Wednesday, December 3, 2014

The Folly of Using Small Segments as Proof in Genealogical Research

Responsible genealogists adhere to high standards of proof in their research, in the evidence that they present and in the conclusions they reach. I strongly believe that genetic genealogists should as well. When we make claims that are not supported by sound science, then we undermine the credibility of our field.

Experience has demonstrated to me that there is great folly in claiming small segments can be used as proof (yes, even supporting) in genealogical research. When I use the term "small segments" in this article,  I am referring to unphased "matching" segments under 5 centiMorgans and I am addressing their use in matching, not admixture.  A few genetic genealogists have argued that there are certain instances when small segments are not only helpful in our genealogical research, but reliable. I strongly disagree.

One of the many problems with utilizing small segments is that, in general, people tend to see evidence that supports their theories and reject evidence that does not. Because the nature of small segments is so random, as I will demonstrate, it is possible that an individual will see patterns where none exist in reality, such as in a cluster of tiny, meaningless "matching" segments. This also holds true for admixture analysis.

Blaine Bettinger already wrote a great blog post explaining the work that has already been done on this issue along with some of his own comparisons, so I am going to concentrate on the multi-generational data to which I have access. Angie Bush has kindly allowed me access to her family's extensive data while she is unable to collaborate on this post since she is on a genealogy cruise. (Thanks, Angie!)
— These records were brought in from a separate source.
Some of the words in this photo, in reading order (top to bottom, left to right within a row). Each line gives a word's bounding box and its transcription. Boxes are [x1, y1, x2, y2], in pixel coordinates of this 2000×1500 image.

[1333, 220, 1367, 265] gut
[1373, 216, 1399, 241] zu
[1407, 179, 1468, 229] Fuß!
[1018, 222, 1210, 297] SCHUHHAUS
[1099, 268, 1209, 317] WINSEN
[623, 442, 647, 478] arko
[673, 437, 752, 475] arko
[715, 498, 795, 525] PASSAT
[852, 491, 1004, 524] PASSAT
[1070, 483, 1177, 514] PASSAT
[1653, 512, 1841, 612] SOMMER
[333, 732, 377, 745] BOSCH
All of these examples are the first ones I looked at, so they are randomly chosen and not selected with bias. There is a huge amount of analysis that can still be performed on this data set. Since Gedmatch was down when I wrote this, I concentrated on Family Tree DNA data. When I am able to access Gedmatch again, I will add to my analysis.

First let's look at this simple chart of my data compared to James, a confirmed paternal fourth cousin, and then my father's data compared to that same cousin. As you can see, both my father and I have one substantial matching segment with James on Chromosome 4 (in purple). Some would argue that because we have one longer matching segment, that this makes the matching small segments reported more valid and thus can be more responsibly attributed to our known common ancestor.

Notice the segments highlighted in red in my chart. Those are all segments that were reported to be matching between me and James that do not show up as matches with my father. So, right off the bat, we can eliminate eight segments of what some might claim is supporting evidence of the known relationship with James.  That is 66.6% of the segments under 5 cM, which is in line with what was found in the 23andMe study.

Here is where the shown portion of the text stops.